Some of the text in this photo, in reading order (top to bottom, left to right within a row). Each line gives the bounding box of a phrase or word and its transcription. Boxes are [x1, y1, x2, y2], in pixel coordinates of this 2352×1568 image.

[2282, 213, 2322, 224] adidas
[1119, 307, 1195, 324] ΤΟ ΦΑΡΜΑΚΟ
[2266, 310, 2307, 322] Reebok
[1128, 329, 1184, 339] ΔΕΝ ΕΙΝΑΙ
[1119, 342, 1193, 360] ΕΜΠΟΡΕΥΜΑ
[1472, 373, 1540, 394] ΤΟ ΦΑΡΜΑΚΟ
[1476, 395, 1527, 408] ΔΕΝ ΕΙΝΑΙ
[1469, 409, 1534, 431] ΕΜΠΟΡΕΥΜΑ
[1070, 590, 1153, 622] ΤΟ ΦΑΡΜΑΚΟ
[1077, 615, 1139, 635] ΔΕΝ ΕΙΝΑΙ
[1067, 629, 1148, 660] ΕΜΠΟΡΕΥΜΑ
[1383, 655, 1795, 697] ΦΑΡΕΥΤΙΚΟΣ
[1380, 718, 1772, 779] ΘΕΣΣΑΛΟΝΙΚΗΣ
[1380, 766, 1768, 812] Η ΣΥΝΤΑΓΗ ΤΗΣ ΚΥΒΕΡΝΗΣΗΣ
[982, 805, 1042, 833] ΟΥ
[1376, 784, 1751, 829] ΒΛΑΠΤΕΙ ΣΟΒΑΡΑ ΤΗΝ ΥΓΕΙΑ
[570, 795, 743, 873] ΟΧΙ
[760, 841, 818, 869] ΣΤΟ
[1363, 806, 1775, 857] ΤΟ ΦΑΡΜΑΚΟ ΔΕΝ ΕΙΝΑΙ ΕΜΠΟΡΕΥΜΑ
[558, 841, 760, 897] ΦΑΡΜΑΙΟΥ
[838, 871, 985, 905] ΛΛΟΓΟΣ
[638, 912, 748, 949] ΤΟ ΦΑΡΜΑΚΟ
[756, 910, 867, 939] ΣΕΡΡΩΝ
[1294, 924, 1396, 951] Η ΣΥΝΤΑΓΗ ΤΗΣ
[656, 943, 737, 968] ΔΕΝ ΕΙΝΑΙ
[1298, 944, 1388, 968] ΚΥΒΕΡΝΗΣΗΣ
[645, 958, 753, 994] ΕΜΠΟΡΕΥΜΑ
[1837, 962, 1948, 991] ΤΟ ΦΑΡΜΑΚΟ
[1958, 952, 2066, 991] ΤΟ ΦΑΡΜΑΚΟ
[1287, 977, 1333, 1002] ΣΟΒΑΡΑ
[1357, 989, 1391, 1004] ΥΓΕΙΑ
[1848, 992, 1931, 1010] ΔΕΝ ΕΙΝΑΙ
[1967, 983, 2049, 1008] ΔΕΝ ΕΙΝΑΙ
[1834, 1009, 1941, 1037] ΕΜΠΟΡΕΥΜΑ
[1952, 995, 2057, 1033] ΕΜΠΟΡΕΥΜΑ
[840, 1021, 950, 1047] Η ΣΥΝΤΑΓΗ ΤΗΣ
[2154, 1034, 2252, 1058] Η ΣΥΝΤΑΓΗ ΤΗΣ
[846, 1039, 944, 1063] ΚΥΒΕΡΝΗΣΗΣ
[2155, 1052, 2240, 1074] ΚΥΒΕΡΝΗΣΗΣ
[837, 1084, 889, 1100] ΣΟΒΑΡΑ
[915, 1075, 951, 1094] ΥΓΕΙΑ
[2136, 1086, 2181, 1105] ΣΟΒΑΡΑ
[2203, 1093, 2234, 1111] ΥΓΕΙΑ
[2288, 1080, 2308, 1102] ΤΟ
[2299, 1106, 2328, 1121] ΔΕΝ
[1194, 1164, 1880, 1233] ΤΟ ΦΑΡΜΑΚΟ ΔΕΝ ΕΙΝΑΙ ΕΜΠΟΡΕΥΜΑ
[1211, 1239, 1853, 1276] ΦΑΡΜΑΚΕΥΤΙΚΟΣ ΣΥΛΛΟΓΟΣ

————

- About this exercise: Retype the entries exactly; leave nothing out.

- Answer to this problem:
Some of the text in this photo, in reading order (top to bottom, left to right within a row). Each line gives the bounding box of a phrase or word and its transcription. Boxes are [x1, y1, x2, y2], in pixel coordinates of this 2352×1568 image.

[2282, 213, 2322, 224] adidas
[1119, 307, 1195, 324] ΤΟ ΦΑΡΜΑΚΟ
[2266, 310, 2307, 322] Reebok
[1128, 329, 1184, 339] ΔΕΝ ΕΙΝΑΙ
[1119, 342, 1193, 360] ΕΜΠΟΡΕΥΜΑ
[1472, 373, 1540, 394] ΤΟ ΦΑΡΜΑΚΟ
[1476, 395, 1527, 408] ΔΕΝ ΕΙΝΑΙ
[1469, 409, 1534, 431] ΕΜΠΟΡΕΥΜΑ
[1070, 590, 1153, 622] ΤΟ ΦΑΡΜΑΚΟ
[1077, 615, 1139, 635] ΔΕΝ ΕΙΝΑΙ
[1067, 629, 1148, 660] ΕΜΠΟΡΕΥΜΑ
[1383, 655, 1795, 697] ΦΑΡΕΥΤΙΚΟΣ
[1380, 718, 1772, 779] ΘΕΣΣΑΛΟΝΙΚΗΣ
[1380, 766, 1768, 812] Η ΣΥΝΤΑΓΗ ΤΗΣ ΚΥΒΕΡΝΗΣΗΣ
[982, 805, 1042, 833] ΟΥ
[1376, 784, 1751, 829] ΒΛΑΠΤΕΙ ΣΟΒΑΡΑ ΤΗΝ ΥΓΕΙΑ
[570, 795, 743, 873] ΟΧΙ
[760, 841, 818, 869] ΣΤΟ
[1363, 806, 1775, 857] ΤΟ ΦΑΡΜΑΚΟ ΔΕΝ ΕΙΝΑΙ ΕΜΠΟΡΕΥΜΑ
[558, 841, 760, 897] ΦΑΡΜΑΙΟΥ
[838, 871, 985, 905] ΛΛΟΓΟΣ
[638, 912, 748, 949] ΤΟ ΦΑΡΜΑΚΟ
[756, 910, 867, 939] ΣΕΡΡΩΝ
[1294, 924, 1396, 951] Η ΣΥΝΤΑΓΗ ΤΗΣ
[656, 943, 737, 968] ΔΕΝ ΕΙΝΑΙ
[1298, 944, 1388, 968] ΚΥΒΕΡΝΗΣΗΣ
[645, 958, 753, 994] ΕΜΠΟΡΕΥΜΑ
[1837, 962, 1948, 991] ΤΟ ΦΑΡΜΑΚΟ
[1958, 952, 2066, 991] ΤΟ ΦΑΡΜΑΚΟ
[1287, 977, 1333, 1002] ΣΟΒΑΡΑ
[1357, 989, 1391, 1004] ΥΓΕΙΑ
[1848, 992, 1931, 1010] ΔΕΝ ΕΙΝΑΙ
[1967, 983, 2049, 1008] ΔΕΝ ΕΙΝΑΙ
[1834, 1009, 1941, 1037] ΕΜΠΟΡΕΥΜΑ
[1952, 995, 2057, 1033] ΕΜΠΟΡΕΥΜΑ
[840, 1021, 950, 1047] Η ΣΥΝΤΑΓΗ ΤΗΣ
[2154, 1034, 2252, 1058] Η ΣΥΝΤΑΓΗ ΤΗΣ
[846, 1039, 944, 1063] ΚΥΒΕΡΝΗΣΗΣ
[2155, 1052, 2240, 1074] ΚΥΒΕΡΝΗΣΗΣ
[837, 1084, 889, 1100] ΣΟΒΑΡΑ
[915, 1075, 951, 1094] ΥΓΕΙΑ
[2136, 1086, 2181, 1105] ΣΟΒΑΡΑ
[2203, 1093, 2234, 1111] ΥΓΕΙΑ
[2288, 1080, 2308, 1102] ΤΟ
[2299, 1106, 2328, 1121] ΔΕΝ
[1194, 1164, 1880, 1233] ΤΟ ΦΑΡΜΑΚΟ ΔΕΝ ΕΙΝΑΙ ΕΜΠΟΡΕΥΜΑ
[1211, 1239, 1853, 1276] ΦΑΡΜΑΚΕΥΤΙΚΟΣ ΣΥΛΛΟΓΟΣ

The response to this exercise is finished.